Os humanos e nós


Acontecimentos recentes têm-me feito refletir acerca de um assunto pouco explorado por artigos científicos: as semelhanças entre humanos e ratos. Sujos, transmissores de doenças e muitas vezes indesejáveis, os espécimes da raça humana podem, à primeira vista, serem completamente alheios a nós, pequeninos e delicados.

No entanto, ao analisar nossa infância, verifiquei algumas características em comum entre nossas crianças e os nenéns dos homens. Ambos vêm ao mundo desprovidos de pelos e de intelecto; ao verem a provedora, a primeira coisa que fazem é lamberem-lhe as tetas. E, ao crescerem, seus rabos tornam-se mais volumosos e atraentes.

Já adultos, muitos humanos e ratos transformam-se, lamentavelmente, em criaturas gulosas, mesquinhas e oportunistas, apodridas pelos próprios maus hábitos. Ademais, aparentemente inteligentes, são ambos, na verdade, muito suscetíveis a caírem em armadilhas.

Por sorte, sou, particularmente, um rato erudito; quero dizer, letrado; e, como são de meu conhecimento algumas linguagens humanas, venho, por meio da prosa, escrever a presente crônica. Esta, digitada por minhas patas, objetiva estabelecer um vínculo comunicativo e um convívio pacíficos entre as duas raças em questão.

Ora, como eu ia dizendo, um acontecimento recente chamou-me atenção: meu amigo Café, negro, batizado e cuidado por um humano, passou a apresentar comportamentos depressivos e suicidas. Suspeito que a origem recaia sobre uma série de episódios de racismo. Sem obstáculos, é de meu conhecimento que o dicionário Michaelis, em sua segunda acepção para “racismo”, define tal palavra como “Doutrina que fundamenta o direito de uma raça, vista como pura ou superior, de dominar outras”.

Em face disso, não me contive em urinar sobre o dicionário de minha protetora, ao ler nele o significado registrado no parágrafo anterior. Pois, como é possível que os homens acreditem que são mais puros e elevados que nós? Afirmo diretamente a vocês, humanos, que porventura estão a ler esta crônica: tal doutrina dogmática é nada científica.

Infelizmente, Café acabou matando-se. Mas Chá, por sua vez, comprado pelo mesmo dono do primeiro, após a passagem do coitado para o além, tem se manifestado de modo muito mais aprazível à alma extrovertida do racista. Branco como leite e, confesso, mais sensual (quiçá por chá conter teofilina), foi desde então melhor alimentado que o antecessor.
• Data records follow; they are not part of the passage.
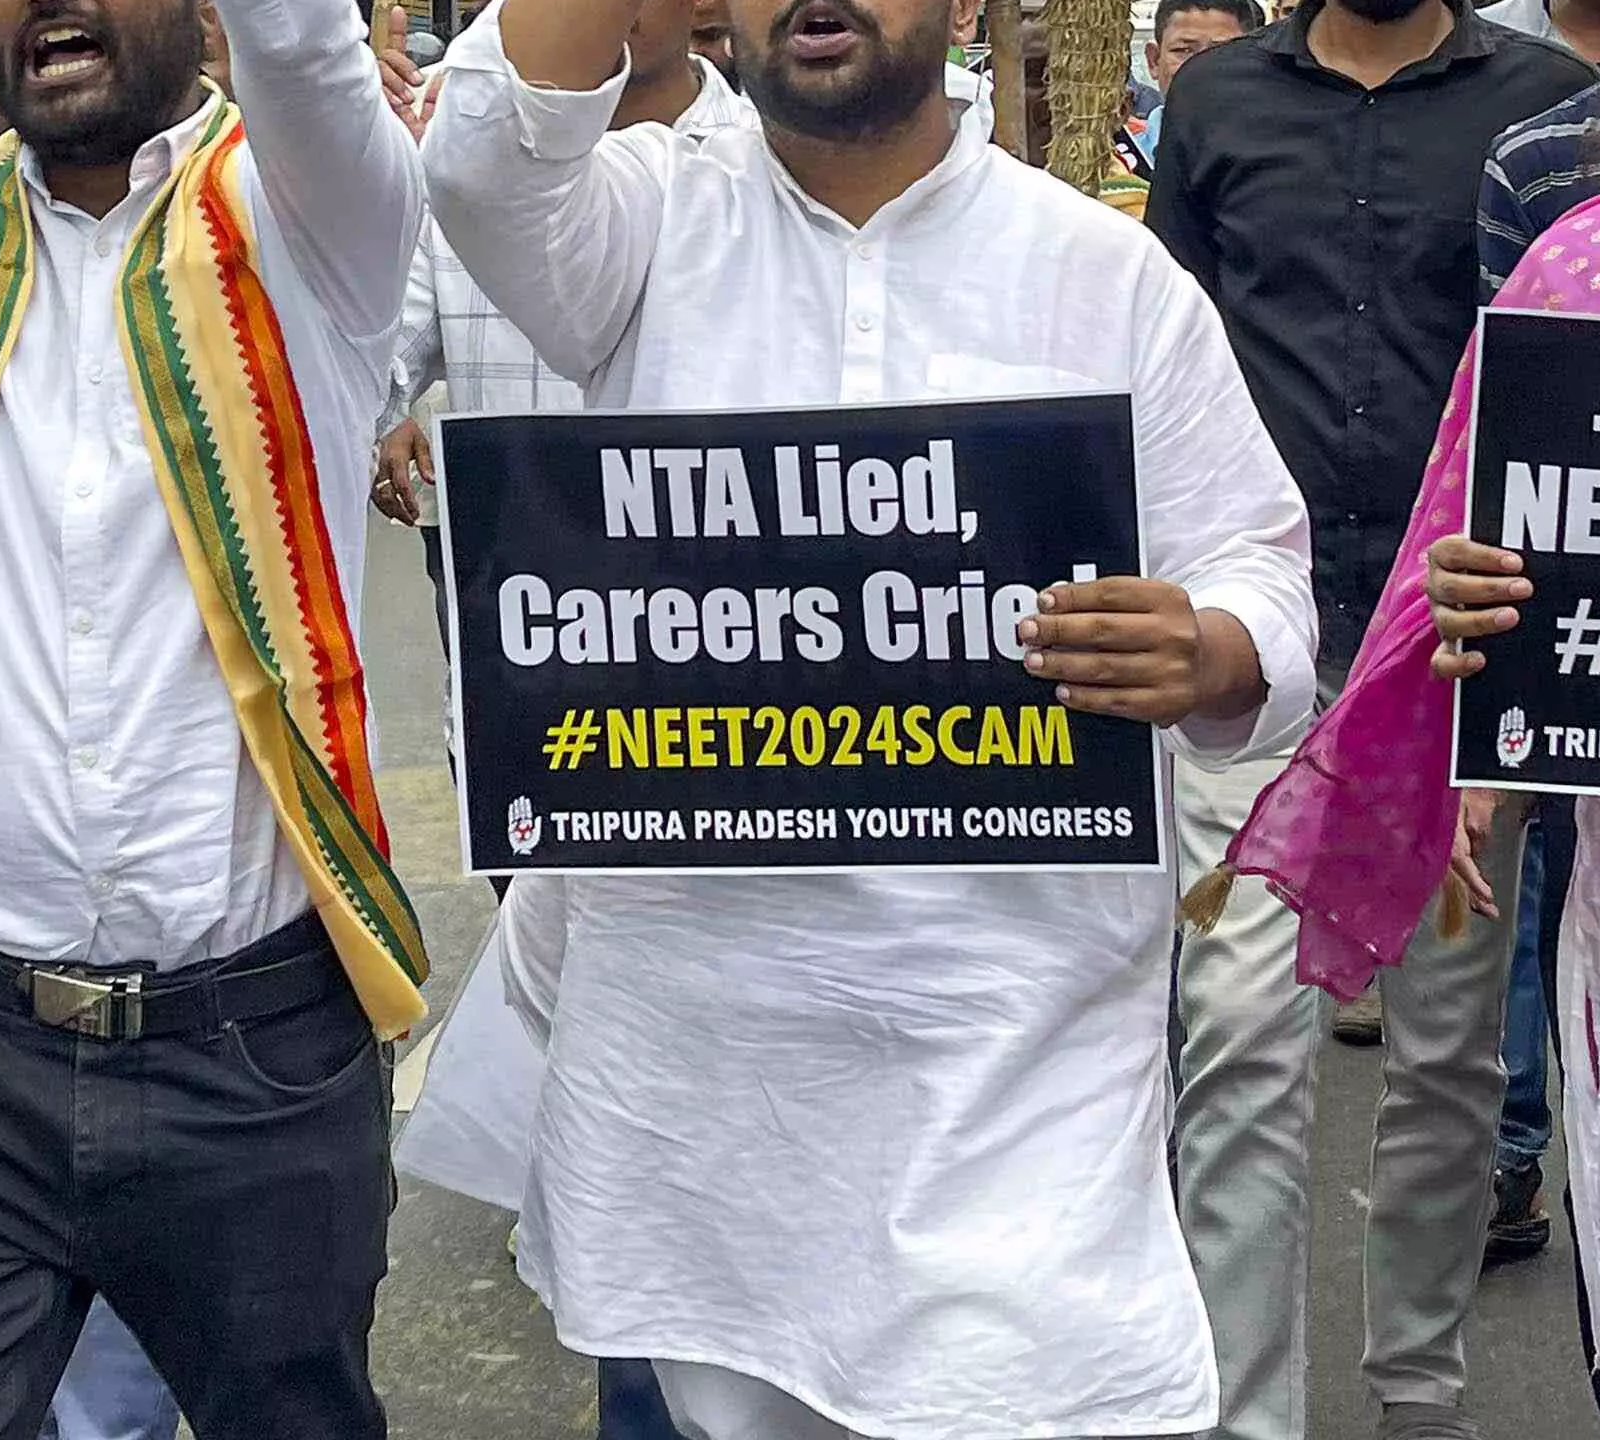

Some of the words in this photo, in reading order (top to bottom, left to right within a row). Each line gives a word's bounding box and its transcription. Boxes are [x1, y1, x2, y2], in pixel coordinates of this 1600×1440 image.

[601, 448, 760, 537] NTA
[775, 440, 977, 543] Lied,
[499, 575, 843, 665] Careers
[863, 563, 1096, 661] Crie
[543, 706, 1073, 769] #NEET2024SCAM
[551, 811, 686, 841] TRIPURA
[695, 809, 837, 840] PRADESH
[846, 808, 952, 838] YOUTH
[963, 806, 1133, 838] CONGRESS
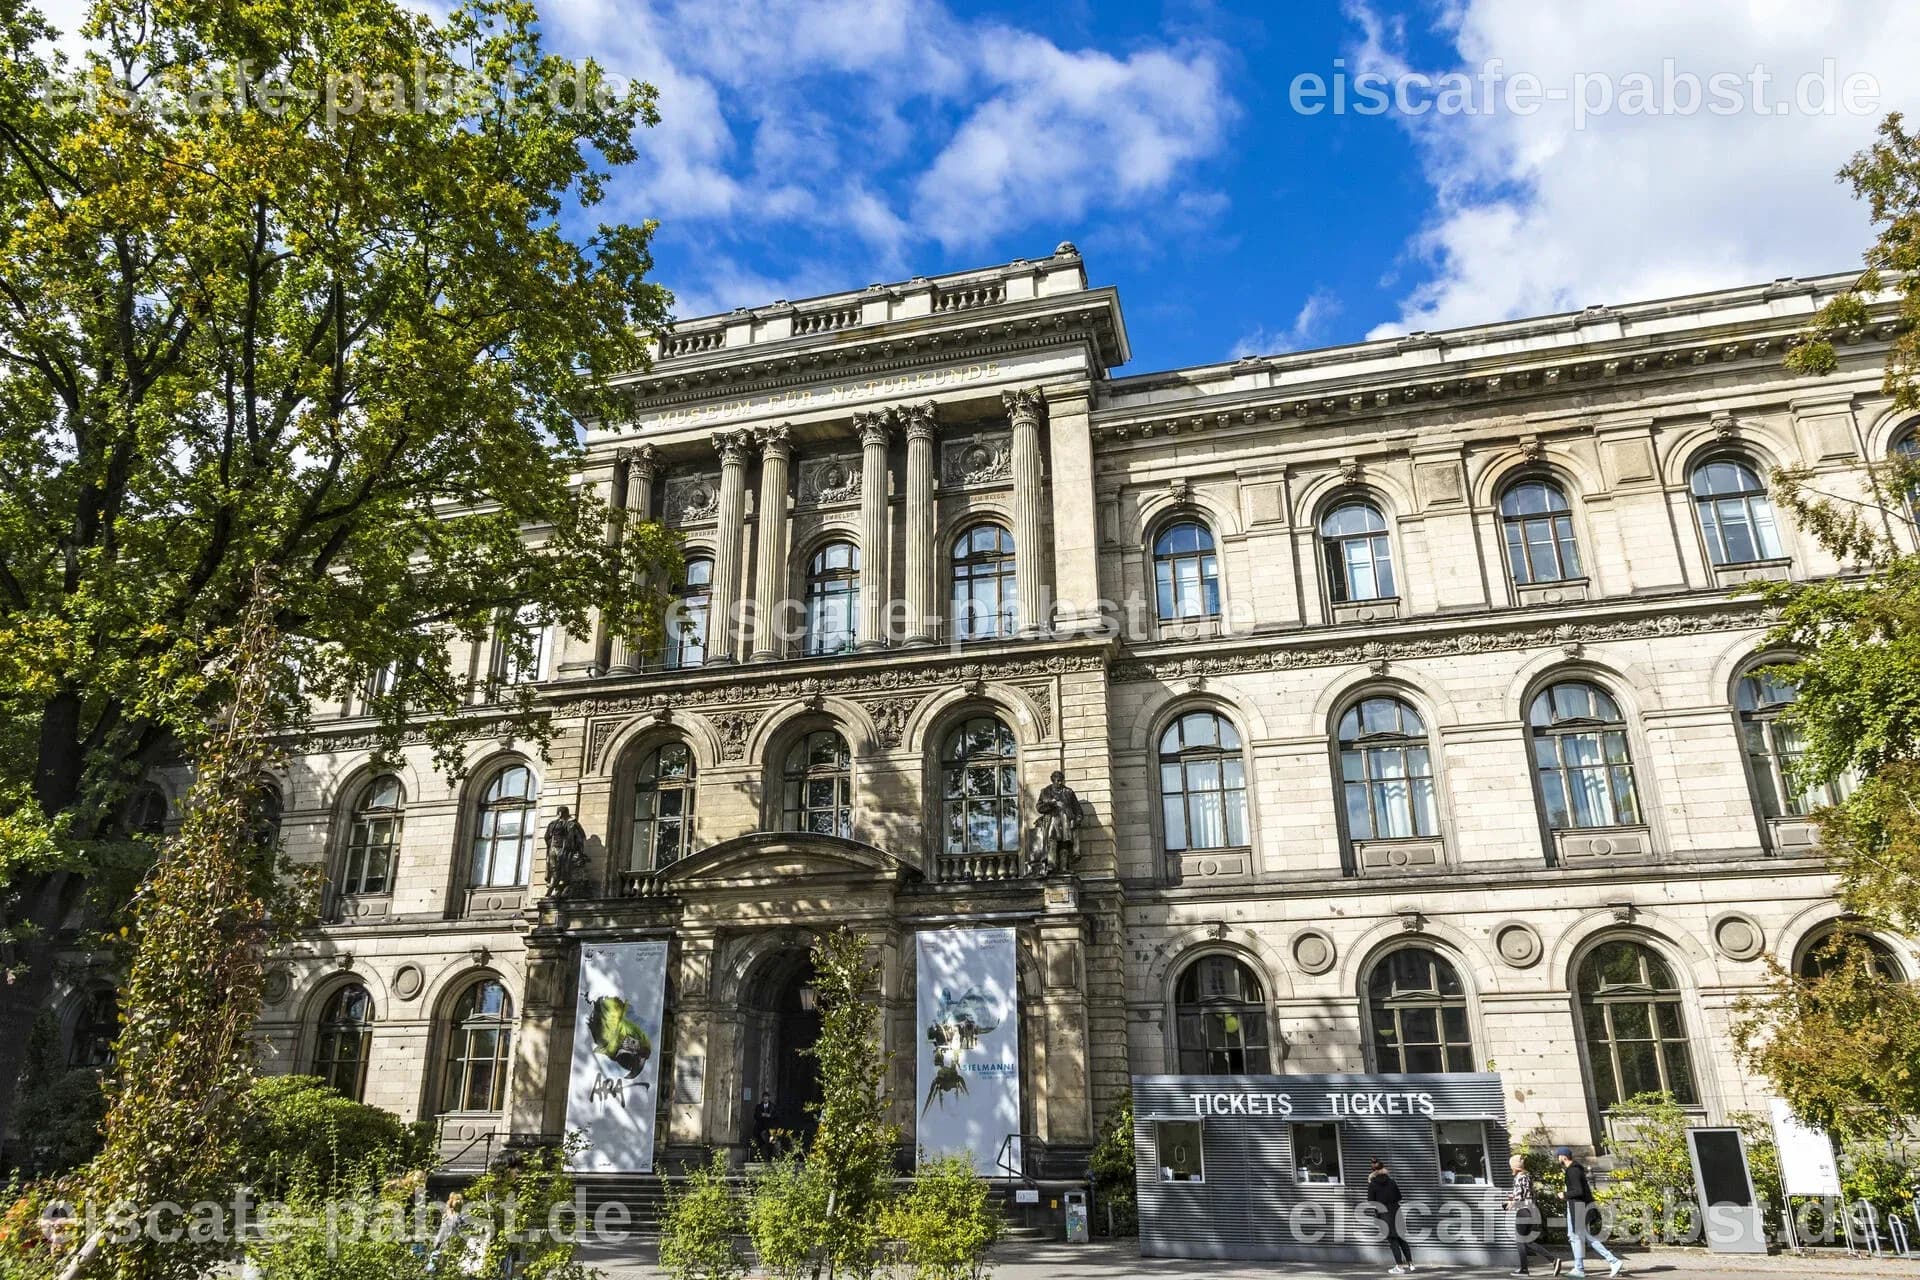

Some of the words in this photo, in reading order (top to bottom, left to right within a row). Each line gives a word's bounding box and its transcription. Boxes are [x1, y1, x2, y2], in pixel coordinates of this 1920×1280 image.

[657, 400, 752, 428] MUSEUM
[768, 390, 815, 411] FÜR
[831, 362, 1000, 402] NATURKUNDE
[589, 1072, 650, 1109] ARA
[1190, 1093, 1293, 1116] TICKETS
[1326, 1092, 1435, 1116] TICKETS
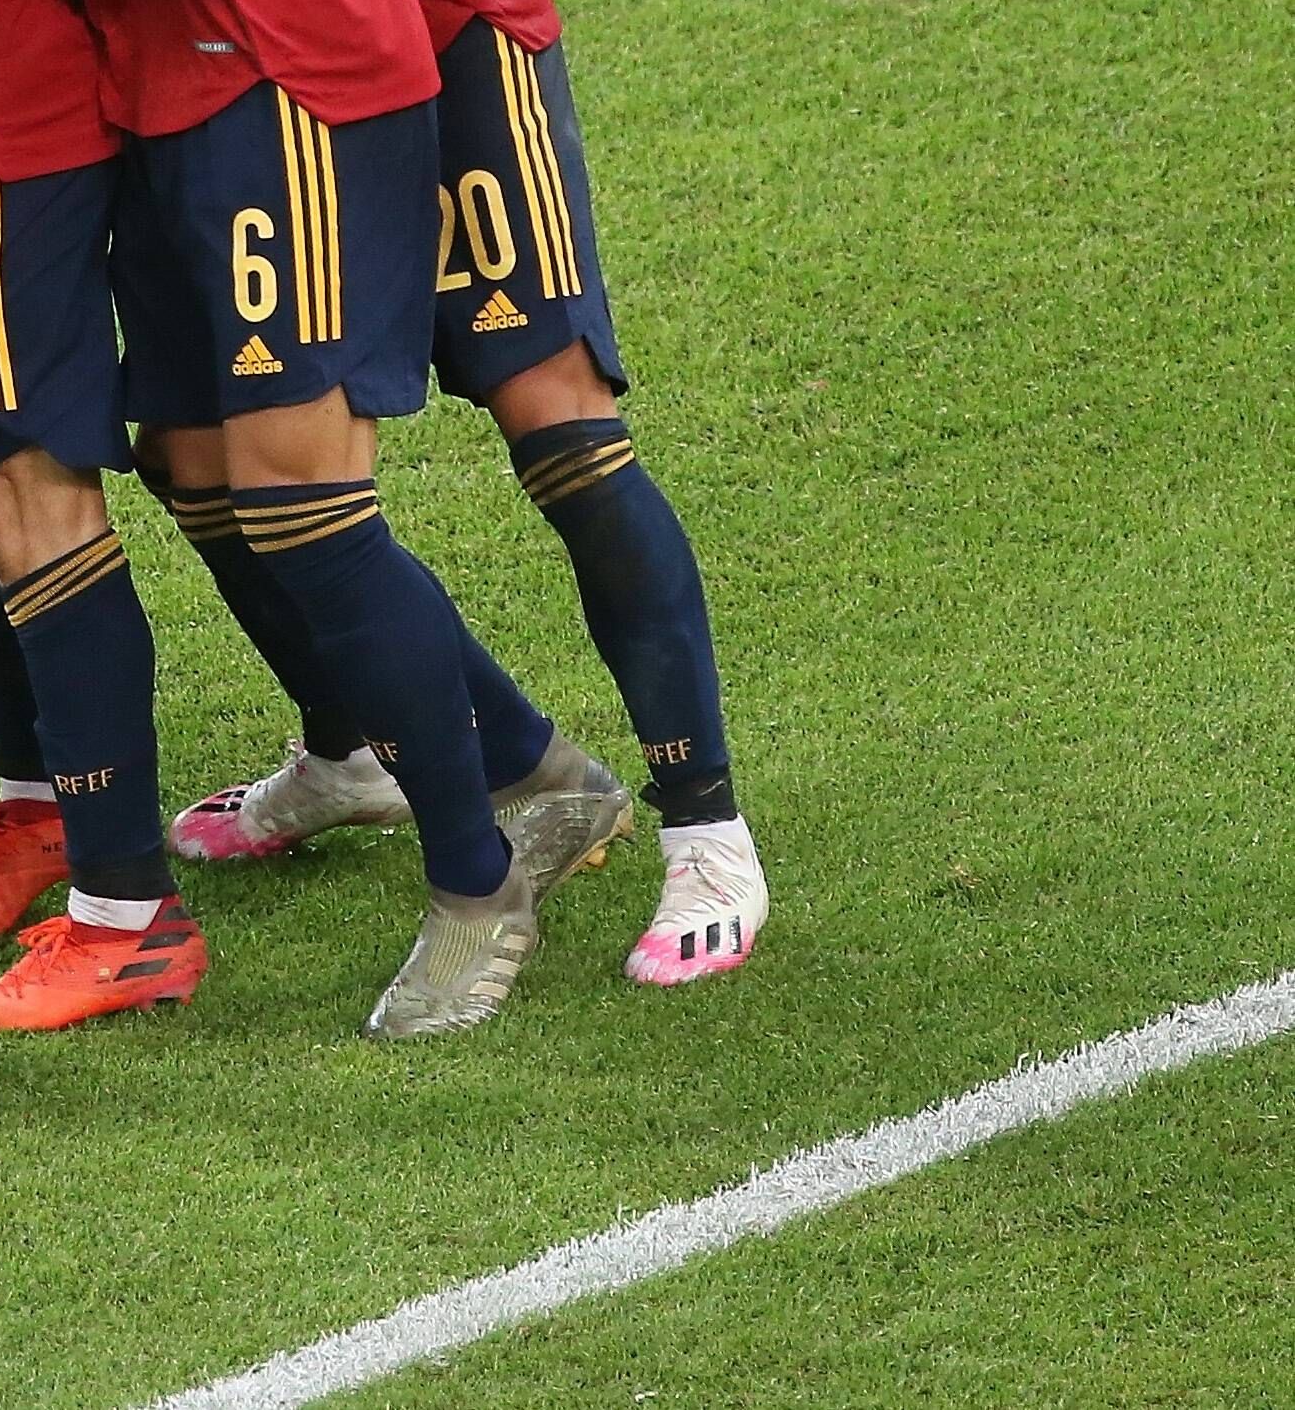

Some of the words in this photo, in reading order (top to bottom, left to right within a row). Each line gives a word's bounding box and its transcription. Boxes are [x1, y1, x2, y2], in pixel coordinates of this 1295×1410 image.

Contudo, fiquei sabendo que Chá também quase se matou, mas sem querer; porque o homem certa vez segurou-o em uma das mãos e, afagando-o, o rato quase teve um orgasmo e quase pulou e quase caiu de cabeça no chão. Quem me contou foi Cerveja.

Em suma, que fique claro que nós, ratos, exigimos direitos iguais, independentemente de cor; assim como não admitimos práticas de racismo, de qualquer espécie. E espero que humanos compreendam-nos, e que nos aceitem, pois, como foi provado por eles mesmos em inúmeras animações, podemos ser muito úteis às suas vidas profissional e pessoal.